• **Task prompt**
The expected result is a word-for-word copy of the entries, minus any pictures.

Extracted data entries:
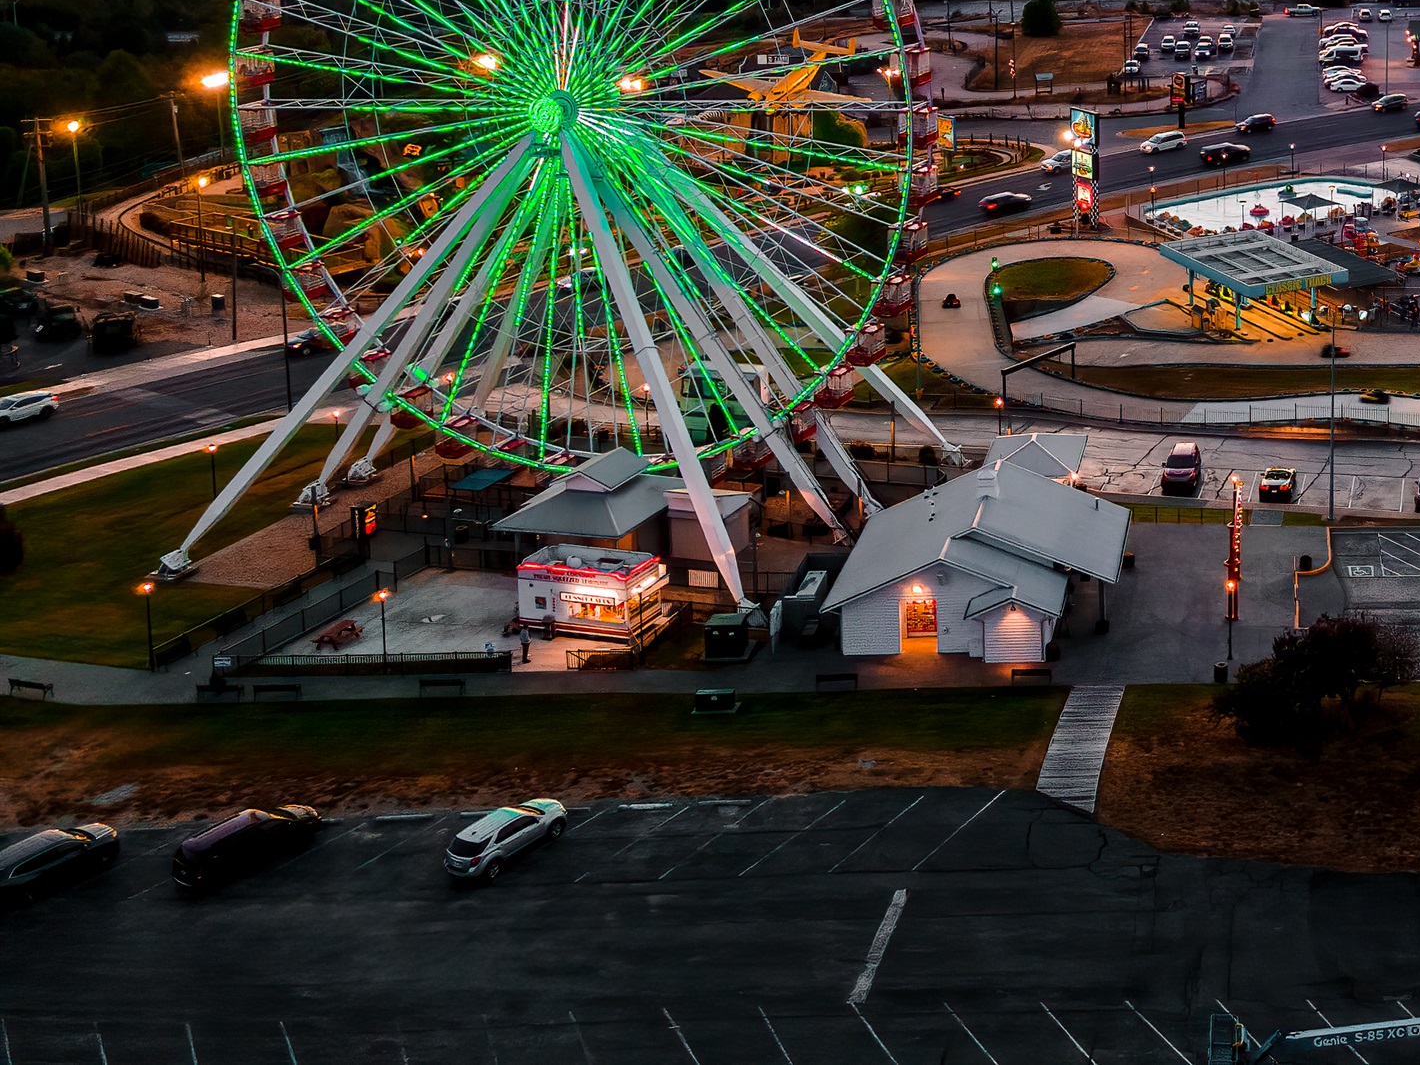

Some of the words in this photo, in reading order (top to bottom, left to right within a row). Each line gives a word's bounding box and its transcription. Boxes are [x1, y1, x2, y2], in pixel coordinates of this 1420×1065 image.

[1266, 279, 1302, 295] CLASSIC
[1305, 275, 1332, 288] TRACK
[1313, 1036, 1348, 1048] Genie
[1354, 1029, 1384, 1043] S-85
[1386, 1027, 1406, 1040] XC
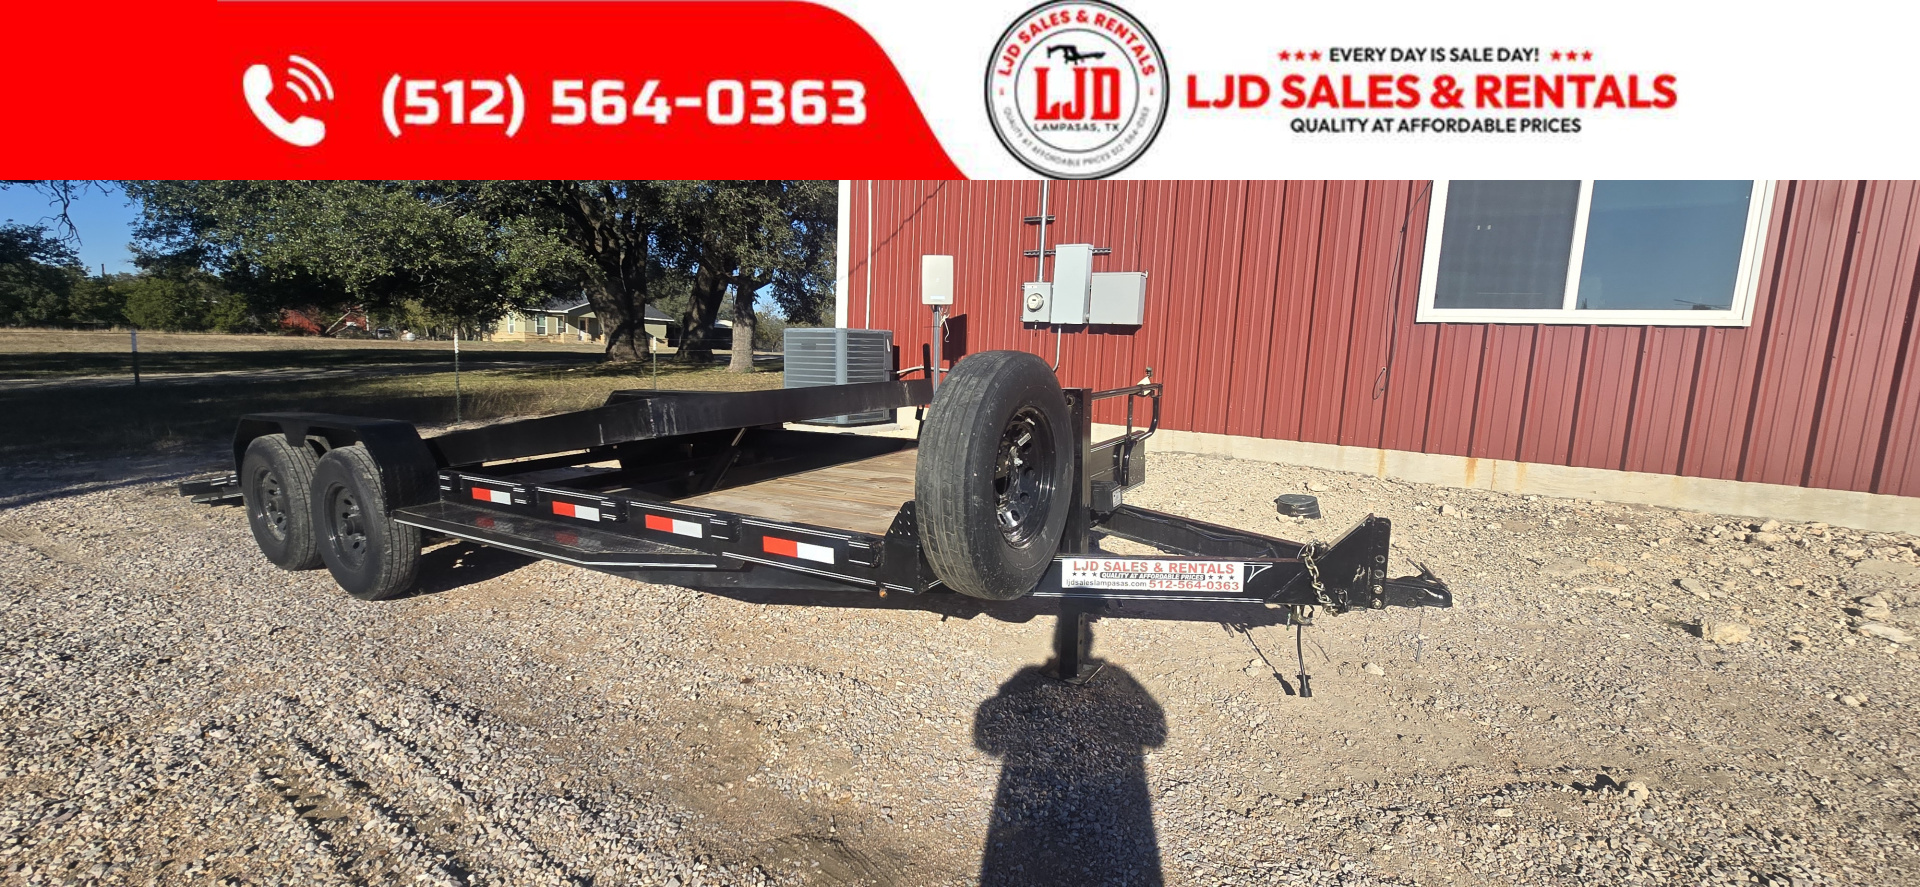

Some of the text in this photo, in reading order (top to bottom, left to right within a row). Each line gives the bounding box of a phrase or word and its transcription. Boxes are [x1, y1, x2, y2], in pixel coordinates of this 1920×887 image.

[1073, 561, 1235, 574] LJD SALES & RENTALS
[1066, 579, 1240, 591] ljdsaleslampasas.com 512-564-0363

• **Response for this exercise**
Some of the words in this photo, in reading order (top to bottom, left to right within a row). Each line gives a word's bounding box and its transcription. Boxes are [x1, y1, x2, y2], in pixel coordinates of this 1420×1065 image.

[1266, 279, 1302, 295] CLASSIC
[1305, 275, 1332, 288] TRACK
[1313, 1036, 1348, 1048] Genie
[1354, 1029, 1384, 1043] S-85
[1386, 1027, 1406, 1040] XC

Some of the text in this photo, in reading order (top to bottom, left to right within a row). Each line gives the bounding box of a phrase or word and its transcription. Boxes are [x1, y1, x2, y2], in pixel coordinates of this 1920×887 image.

[1073, 561, 1235, 574] LJD SALES & RENTALS
[1066, 579, 1240, 591] ljdsaleslampasas.com 512-564-0363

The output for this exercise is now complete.